Patients, who experience severe neutropenia (neutrophil count <0.5 x 109/L for a minimum of 7 days) or severe peripheral neuropathy, should receive a dose reduction of 20% for subsequent courses (25% for KS patients).
Patients with hepatic impairment: Inadequate data are available to recommend dosage alterations in patients with mild to moderate hepatic impairment. Paclitaxel is not recommended in patients with severely impaired hepatic function.
Caution For Usage
Special precautions for disposal and other handling: Handling: Paclitaxel is a cytotoxic anticancer medicinal product and caution should be exercised in handling paclitaxel. Dilution should be carried out under aseptic conditions, by trained personnel in a designated area. Appropriate gloves should be used. Contact of paclitaxel with skin and mucous membranes should be avoided. If paclitaxel solution contacts the skin, wash the skin immediately and thoroughly with soap and water. Following topical exposure, events have included tingling, burning, and redness. If paclitaxel contacts mucous membranes, the membranes should be flushed thoroughly with water. Upon inhalation, dyspnoea, chest pain, burning throat, and nausea have been reported.
Preparation for IV administration: During dilution of the concentrate for infusion, cytostatic dispensing needles or similar devices with spikes should not be used with vials of paclitaxel since they can cause the stopper to collapse resulting in loss of sterile integrity of the solution. Prior to infusion, paclitaxel must be diluted to a ready-to-use solution for infusion (0.3 to 1.2 mg/mL) using aseptic techniques with one of the following solutions: 9 mg/mL (0.9%) sodium chloride solution for infusion; 50 mg/mL (5%) glucose solution for infusion; 50 mg/mL glucose and 9 mg/mL sodium chloride solution for infusion; or Ringer's solution containing 50 mg/mL glucose.

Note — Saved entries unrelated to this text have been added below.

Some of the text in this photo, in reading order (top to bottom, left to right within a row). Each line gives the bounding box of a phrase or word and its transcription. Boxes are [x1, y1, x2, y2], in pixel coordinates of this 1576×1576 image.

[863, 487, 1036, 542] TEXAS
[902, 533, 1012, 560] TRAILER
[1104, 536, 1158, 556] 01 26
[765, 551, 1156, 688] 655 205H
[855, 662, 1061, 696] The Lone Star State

Once diluted, the ready-to-use infusions are for single use only.
The ready-to-use infusion should be visually inspected for particulate matter and discoloration. Upon preparation, solutions may show haziness, which is attributed to the formulation vehicle, and is not removed by filtration. However haziness does not affect the potency of the product. The solution for infusion should be administered through an in-line filter with microporous membrane not greater than 0.22 microns. No significant losses in potency have been noted following simulated delivery of the solution through I.V tubing containing an in-line (0.22 micron) filter.

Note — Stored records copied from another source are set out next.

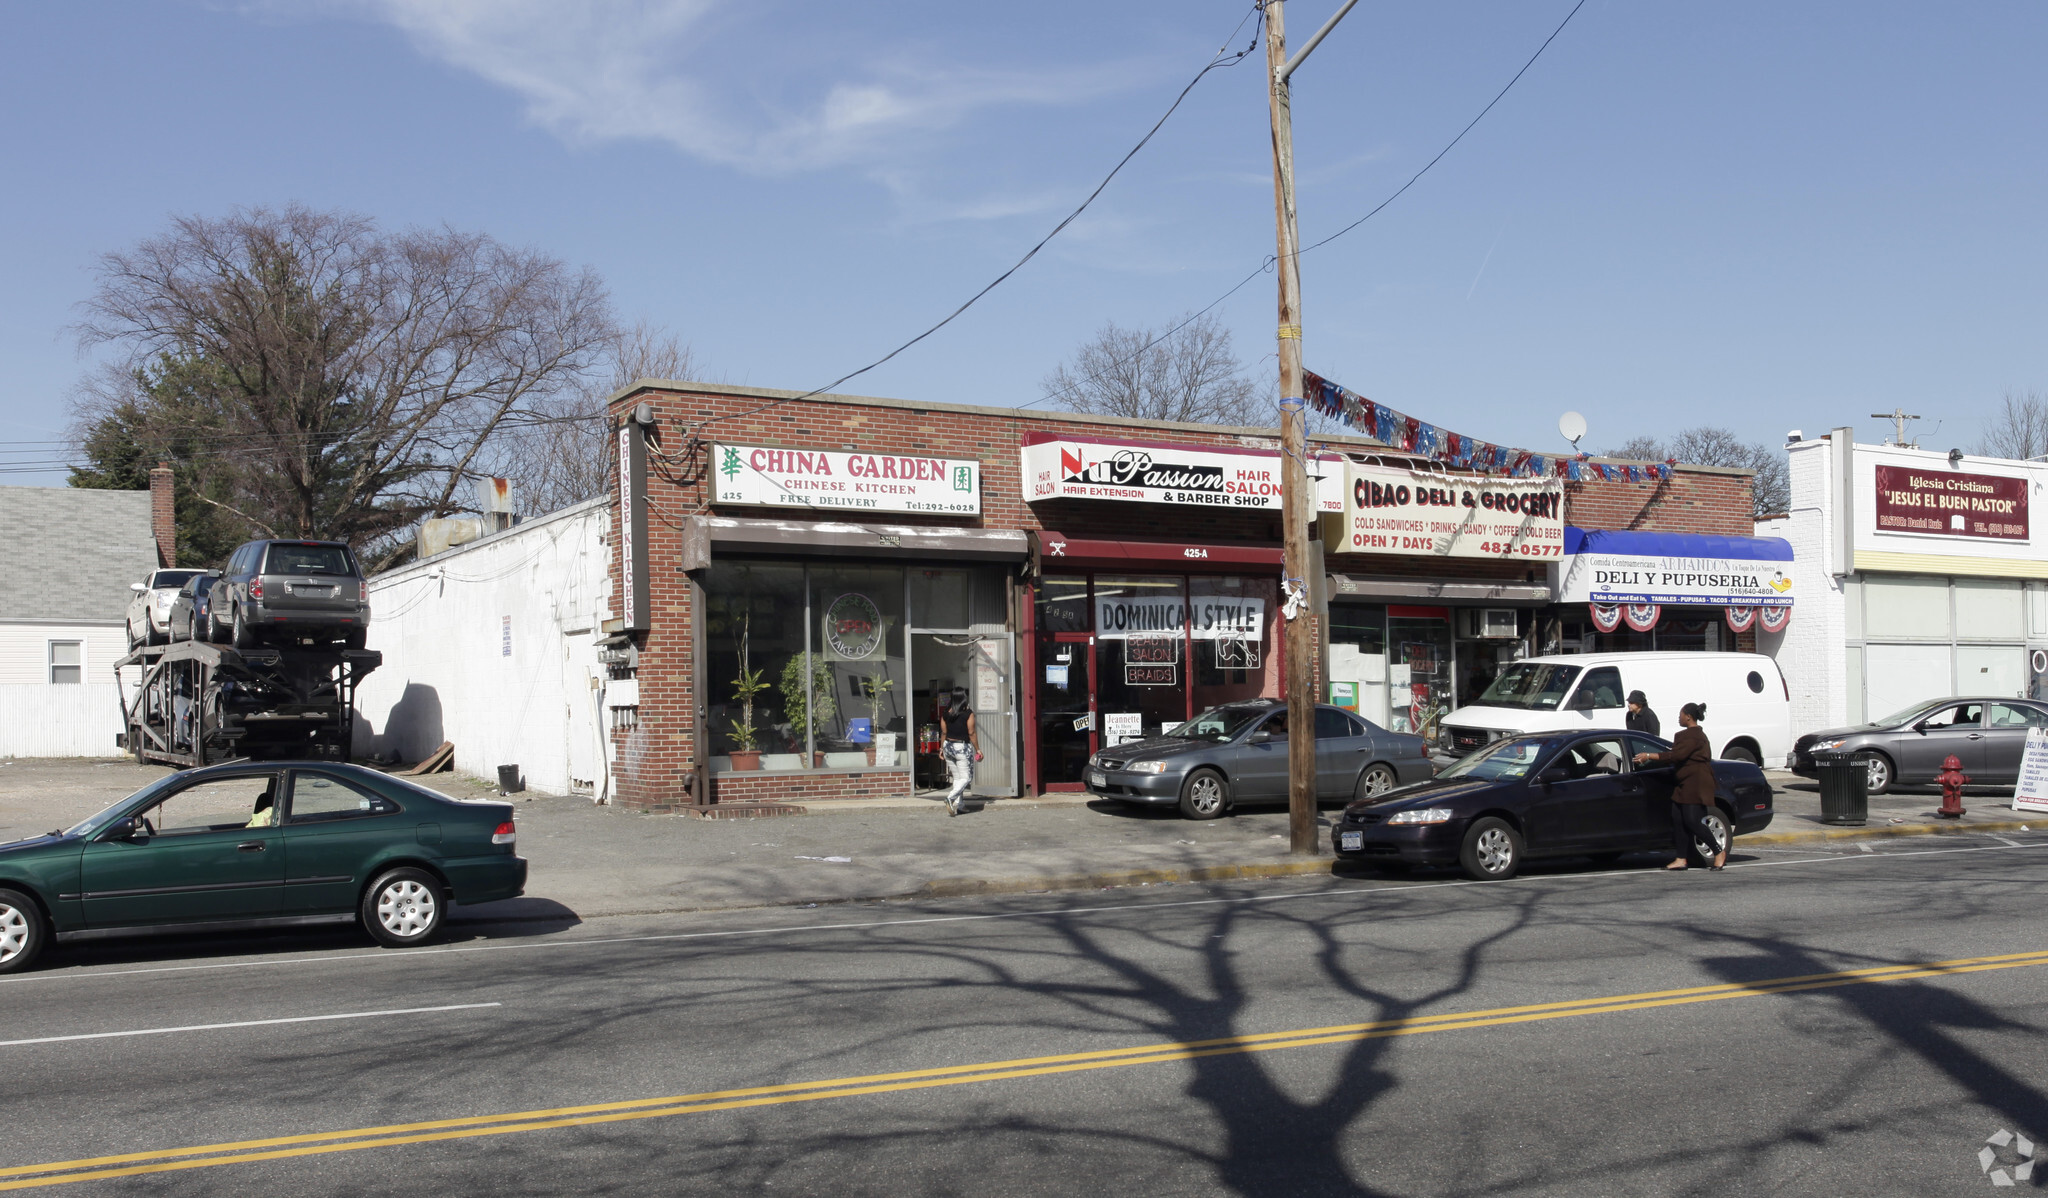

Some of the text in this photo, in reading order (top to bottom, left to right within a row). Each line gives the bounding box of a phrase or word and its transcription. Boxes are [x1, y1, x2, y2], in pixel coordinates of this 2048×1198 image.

[720, 447, 743, 482] 華
[750, 449, 946, 481] CHINA GARDEN
[1112, 450, 1224, 490] Passion
[622, 432, 632, 524] CHINESE
[953, 466, 971, 494] 園
[1038, 470, 1051, 482] HAIR
[1236, 469, 1270, 481] HAIR
[784, 479, 916, 494] CHINESE KITCHEN
[1035, 482, 1055, 496] SALON
[1063, 486, 1144, 498] HAIR EXTENSION
[1226, 481, 1282, 496] SALON
[1909, 475, 1994, 494] Iglesia Cristiana
[722, 492, 742, 500] 425
[780, 494, 878, 507] FREE DELIVERY
[1163, 491, 1269, 506] & BARBER SHOP
[1354, 478, 1561, 520] CIBAO DELI & GROCERY
[1885, 490, 2017, 513] "JESUS EL BUEN PASTOR"
[905, 501, 975, 511] Tel:292-6028
[1355, 517, 1561, 539] COLD SANDWICHES DRINKS CANDY COFFEE COLD BEER
[1880, 515, 1906, 526] PASTOR:
[1353, 533, 1433, 550] OPEN 7 DAYS
[1480, 541, 1562, 556] 483-0577
[1184, 548, 1208, 558] 425-A
[1590, 556, 1611, 567] Comida
[1660, 558, 1730, 572] ARMANDO'S
[624, 532, 634, 624] KITCHEN
[1595, 571, 1760, 587] DELI Y PUPUSERIA
[1103, 604, 1256, 632] DOMINICAN STYLE
[837, 619, 872, 633] OPEN
[831, 632, 876, 657] TAKE OUT
[1128, 634, 1172, 647] BEAUTY
[1133, 648, 1171, 661] SALON
[1129, 669, 1172, 682] BRAIDS
[1107, 715, 1140, 723] Jeannette
[2026, 741, 2036, 749] DELI

There have been some reports of precipitation during paclitaxel infusions, with precipitation usually taking place towards the end of a 24-hour infusion period. To reduce the risk of precipitation, paclitaxel should be used as soon as possible after dilution and excessive shaking or agitation should be avoided. The infusion solution should be regularly inspected during infusion and the infusion should be discontinued if precipitation occurs. To minimize patient exposure to di-2-ethylhexyl phthalate (DEHP) which may be leached from plasticized PVC infusion bags, sets, or other medical instruments, diluted paclitaxel solutions should be stored in non-PVC bottles (glass, polypropylene) or plastic bags (polypropylene, polyolefin) and administered through polyethylene-lined administration sets. Use of filter devices which incorporate short inlet and/or outlet plasticized PVC tubing has not resulted in significant leaching of DEHP. The solutions are physically and chemically stable up to 27 hours at ambient temperature 25°C.
Storage
Store at temperatures not exceeding 30°C. Protect from light.

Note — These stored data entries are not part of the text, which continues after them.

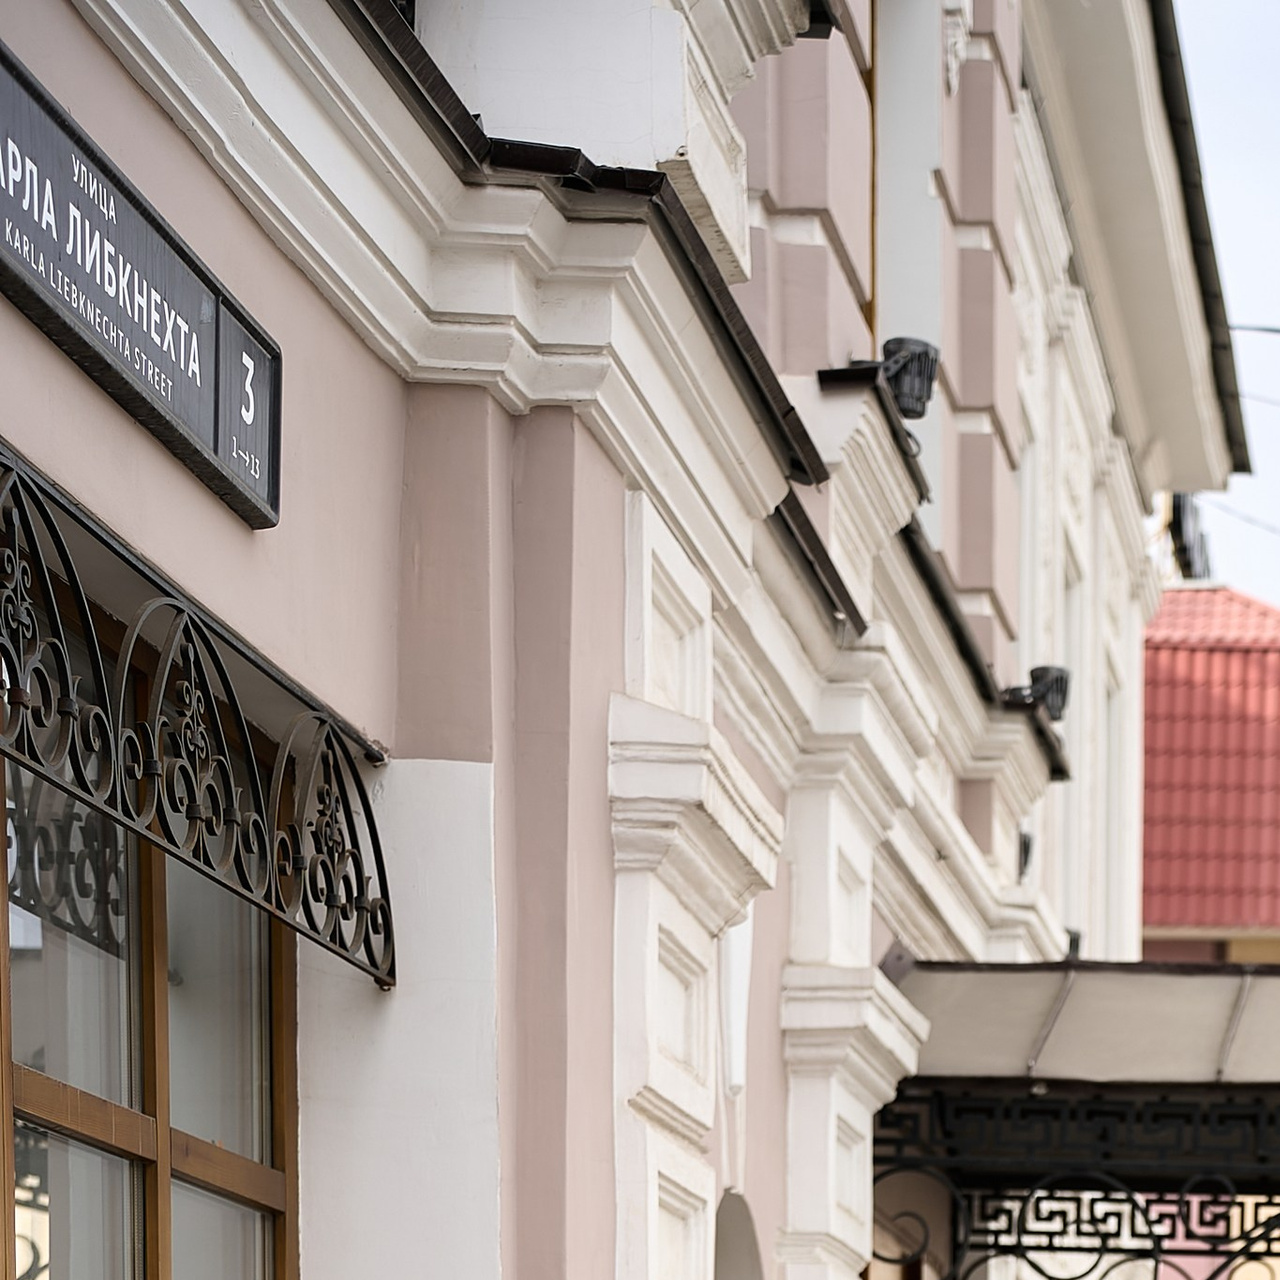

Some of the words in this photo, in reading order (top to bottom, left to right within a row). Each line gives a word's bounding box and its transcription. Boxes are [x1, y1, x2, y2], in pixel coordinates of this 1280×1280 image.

[72, 153, 117, 224] УЛИЦА
[5, 218, 46, 278] KARLA
[50, 262, 131, 362] LIEBKNECHTA
[134, 346, 173, 401] STREET
[66, 202, 201, 387] ЛИБКНЕХТА
[240, 351, 256, 425] 3

Shelf Life: 24 months from manufacturing date.
ATC Classification
L01CD01 - paclitaxel ; Belongs to the class of plant alkaloids and other natural products, taxanes. Used in the treatment of cancer.
Presentation/Packing
Vexel-30: Infusion concentrate (vial) 30 mg/5 mL (clear colourless to pale yellow viscous solution free from visible extraneous particulate matter) x 1's.
Vexel-100: Infusion concentrate (vial) 100 mg/16.7 mL (clear colourless to pale yellow viscous solution free from visible extraneous particulate matter) x 1's.